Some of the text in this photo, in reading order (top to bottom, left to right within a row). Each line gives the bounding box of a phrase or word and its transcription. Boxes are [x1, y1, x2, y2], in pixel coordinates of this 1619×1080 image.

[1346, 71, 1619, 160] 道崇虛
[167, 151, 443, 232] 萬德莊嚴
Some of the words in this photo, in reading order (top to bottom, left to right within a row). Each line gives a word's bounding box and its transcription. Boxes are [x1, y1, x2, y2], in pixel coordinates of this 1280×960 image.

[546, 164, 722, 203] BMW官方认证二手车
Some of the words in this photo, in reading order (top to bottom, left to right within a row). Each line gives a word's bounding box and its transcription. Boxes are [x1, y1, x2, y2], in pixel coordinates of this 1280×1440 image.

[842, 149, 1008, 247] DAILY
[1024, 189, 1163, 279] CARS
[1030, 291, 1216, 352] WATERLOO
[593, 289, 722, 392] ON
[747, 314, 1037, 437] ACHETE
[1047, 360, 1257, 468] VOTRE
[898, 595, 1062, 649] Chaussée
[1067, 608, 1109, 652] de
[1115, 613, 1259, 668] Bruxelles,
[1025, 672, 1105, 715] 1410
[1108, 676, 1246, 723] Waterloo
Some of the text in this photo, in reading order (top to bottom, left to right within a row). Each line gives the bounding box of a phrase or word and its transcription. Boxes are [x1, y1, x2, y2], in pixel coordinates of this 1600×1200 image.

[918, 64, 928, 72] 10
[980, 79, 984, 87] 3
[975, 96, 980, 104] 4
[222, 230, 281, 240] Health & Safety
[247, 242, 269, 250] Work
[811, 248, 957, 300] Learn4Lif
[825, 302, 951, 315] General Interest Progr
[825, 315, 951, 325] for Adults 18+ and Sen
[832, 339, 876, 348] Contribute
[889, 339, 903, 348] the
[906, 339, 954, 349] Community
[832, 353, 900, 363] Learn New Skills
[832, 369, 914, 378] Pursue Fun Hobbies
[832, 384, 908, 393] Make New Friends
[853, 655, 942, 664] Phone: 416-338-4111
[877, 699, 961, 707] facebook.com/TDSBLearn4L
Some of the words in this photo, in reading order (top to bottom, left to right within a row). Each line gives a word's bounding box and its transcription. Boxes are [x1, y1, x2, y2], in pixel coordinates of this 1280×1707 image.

•••

**WHAT IS REQUIRED**
What this exercise asks for is the data above, retyped exactly.

**THE COMPLETED TASK**
Some of the text in this photo, in reading order (top to bottom, left to right within a row). Each line gives the bounding box of a phrase or word and its transcription. Boxes are [x1, y1, x2, y2], in pixel coordinates of this 1619×1080 image.

[1346, 71, 1619, 160] 道崇虛
[167, 151, 443, 232] 萬德莊嚴
Some of the words in this photo, in reading order (top to bottom, left to right within a row). Each line gives a word's bounding box and its transcription. Boxes are [x1, y1, x2, y2], in pixel coordinates of this 1280×960 image.

[546, 164, 722, 203] BMW官方认证二手车
Some of the words in this photo, in reading order (top to bottom, left to right within a row). Each line gives a word's bounding box and its transcription. Boxes are [x1, y1, x2, y2], in pixel coordinates of this 1280×1440 image.

[842, 149, 1008, 247] DAILY
[1024, 189, 1163, 279] CARS
[1030, 291, 1216, 352] WATERLOO
[593, 289, 722, 392] ON
[747, 314, 1037, 437] ACHETE
[1047, 360, 1257, 468] VOTRE
[898, 595, 1062, 649] Chaussée
[1067, 608, 1109, 652] de
[1115, 613, 1259, 668] Bruxelles,
[1025, 672, 1105, 715] 1410
[1108, 676, 1246, 723] Waterloo
Some of the text in this photo, in reading order (top to bottom, left to right within a row). Each line gives the bounding box of a phrase or word and its transcription. Boxes are [x1, y1, x2, y2], in pixel coordinates of this 1600×1200 image.

[918, 64, 928, 72] 10
[980, 79, 984, 87] 3
[975, 96, 980, 104] 4
[222, 230, 281, 240] Health & Safety
[247, 242, 269, 250] Work
[811, 248, 957, 300] Learn4Lif
[825, 302, 951, 315] General Interest Progr
[825, 315, 951, 325] for Adults 18+ and Sen
[832, 339, 876, 348] Contribute
[889, 339, 903, 348] the
[906, 339, 954, 349] Community
[832, 353, 900, 363] Learn New Skills
[832, 369, 914, 378] Pursue Fun Hobbies
[832, 384, 908, 393] Make New Friends
[853, 655, 942, 664] Phone: 416-338-4111
[877, 699, 961, 707] facebook.com/TDSBLearn4L
Some of the words in this photo, in reading order (top to bottom, left to right within a row). Each line gives a word's bounding box and its transcription. Boxes are [x1, y1, x2, y2], in pixel coordinates of this 1280×1707 image.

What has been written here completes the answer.